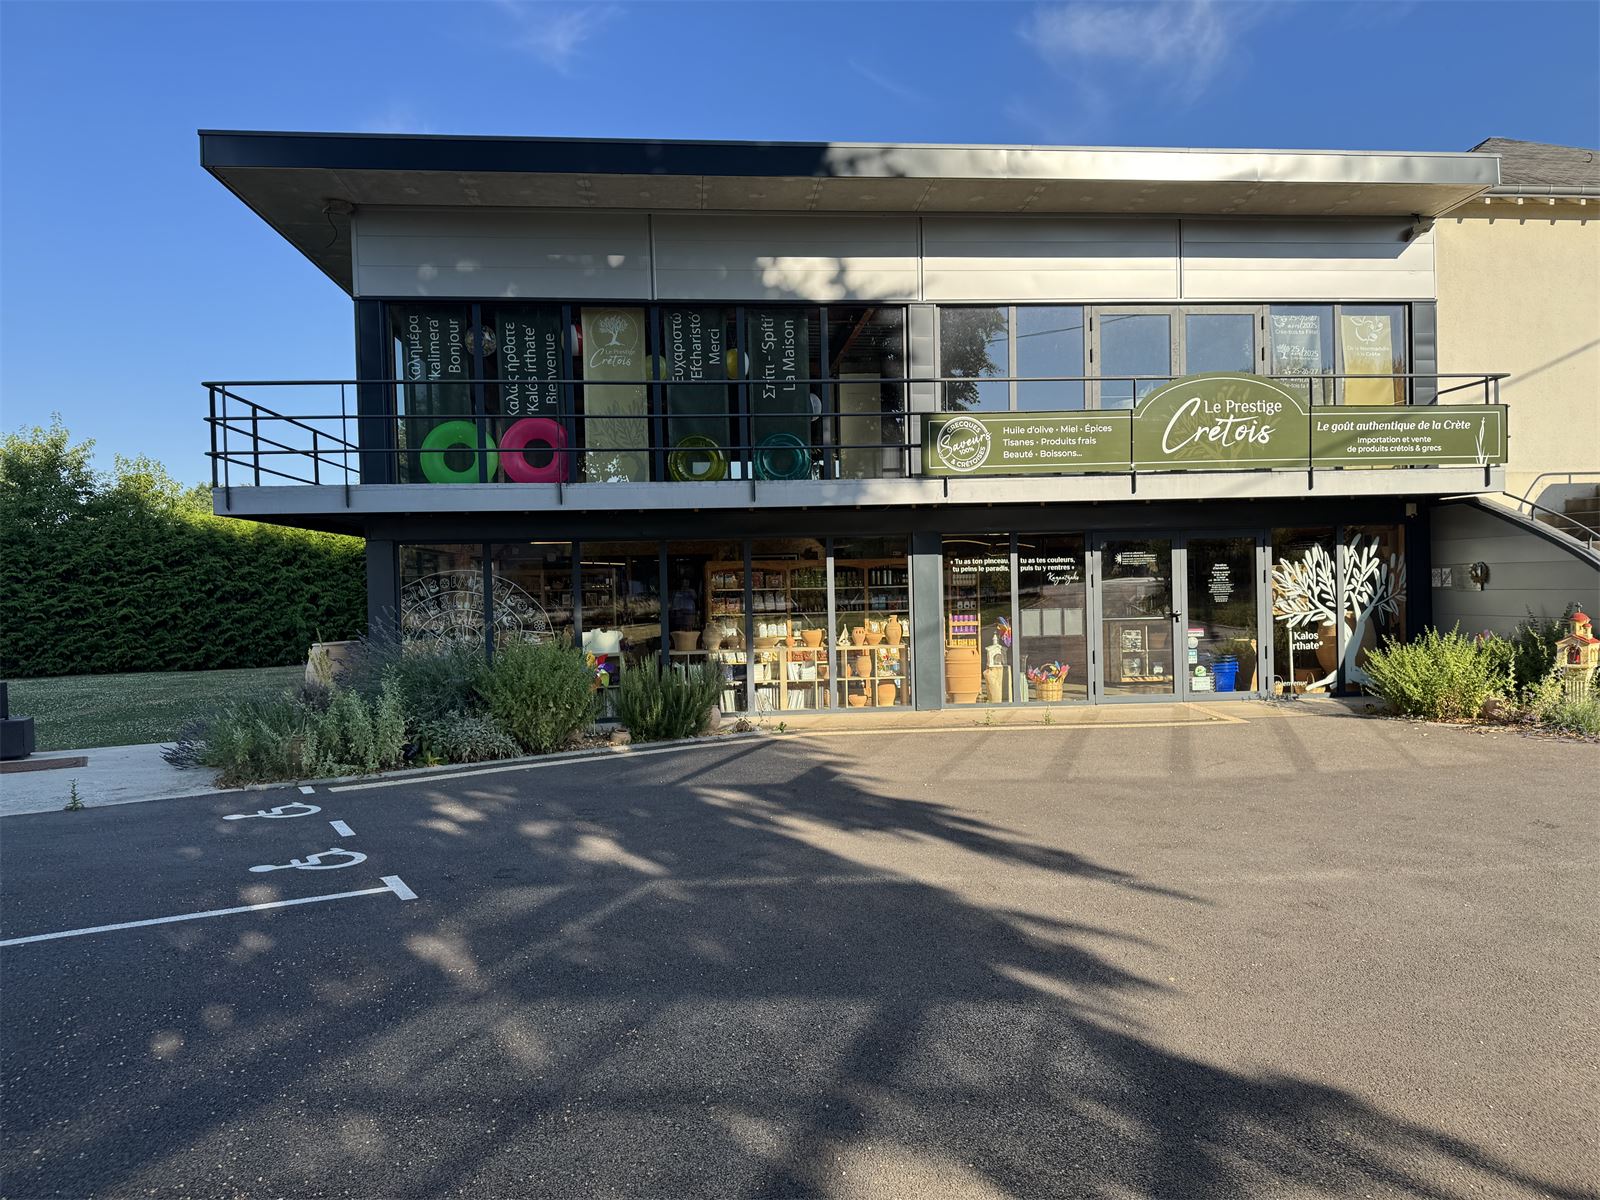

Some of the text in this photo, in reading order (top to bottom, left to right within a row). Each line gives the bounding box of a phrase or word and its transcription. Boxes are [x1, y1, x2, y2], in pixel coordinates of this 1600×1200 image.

[448, 318, 463, 373] Bonjour
[503, 321, 520, 372] ήρθατε
[708, 328, 721, 365] Merci
[782, 320, 796, 391] La Maison
[545, 333, 558, 404] Bienvenue
[1204, 400, 1283, 416] Le Prestige
[947, 420, 981, 434] GRECQUES
[1003, 423, 1113, 434] Huile d'olive Miel Épices
[1162, 397, 1277, 454] Crétois
[1317, 419, 1471, 433] Le goût authentique de la Crète
[939, 432, 992, 459] Saveurs
[1003, 437, 1097, 446] Tisanes Produits frais
[1357, 436, 1401, 444] Importation
[1003, 450, 1034, 459] Beauté
[1346, 445, 1356, 453] de
[1357, 445, 1389, 454] produits
[1389, 444, 1414, 452] crétois
[1422, 444, 1442, 453] grecs
[961, 566, 977, 574] peins
[1020, 564, 1034, 573] puis
[1293, 631, 1319, 640] Kalos

* [WHAT IS EXPECTED]
Skip the pictures and output all entries exactly.

* [ANSWER TO THIS EXERCISE]
Some of the text in this photo, in reading order (top to bottom, left to right within a row). Each line gives the bounding box of a phrase or word and its transcription. Boxes are [x1, y1, x2, y2], in pixel coordinates of this 1600×1200 image.

[448, 318, 463, 373] Bonjour
[503, 321, 520, 372] ήρθατε
[708, 328, 721, 365] Merci
[782, 320, 796, 391] La Maison
[545, 333, 558, 404] Bienvenue
[1204, 400, 1283, 416] Le Prestige
[947, 420, 981, 434] GRECQUES
[1003, 423, 1113, 434] Huile d'olive Miel Épices
[1162, 397, 1277, 454] Crétois
[1317, 419, 1471, 433] Le goût authentique de la Crète
[939, 432, 992, 459] Saveurs
[1003, 437, 1097, 446] Tisanes Produits frais
[1357, 436, 1401, 444] Importation
[1003, 450, 1034, 459] Beauté
[1346, 445, 1356, 453] de
[1357, 445, 1389, 454] produits
[1389, 444, 1414, 452] crétois
[1422, 444, 1442, 453] grecs
[961, 566, 977, 574] peins
[1020, 564, 1034, 573] puis
[1293, 631, 1319, 640] Kalos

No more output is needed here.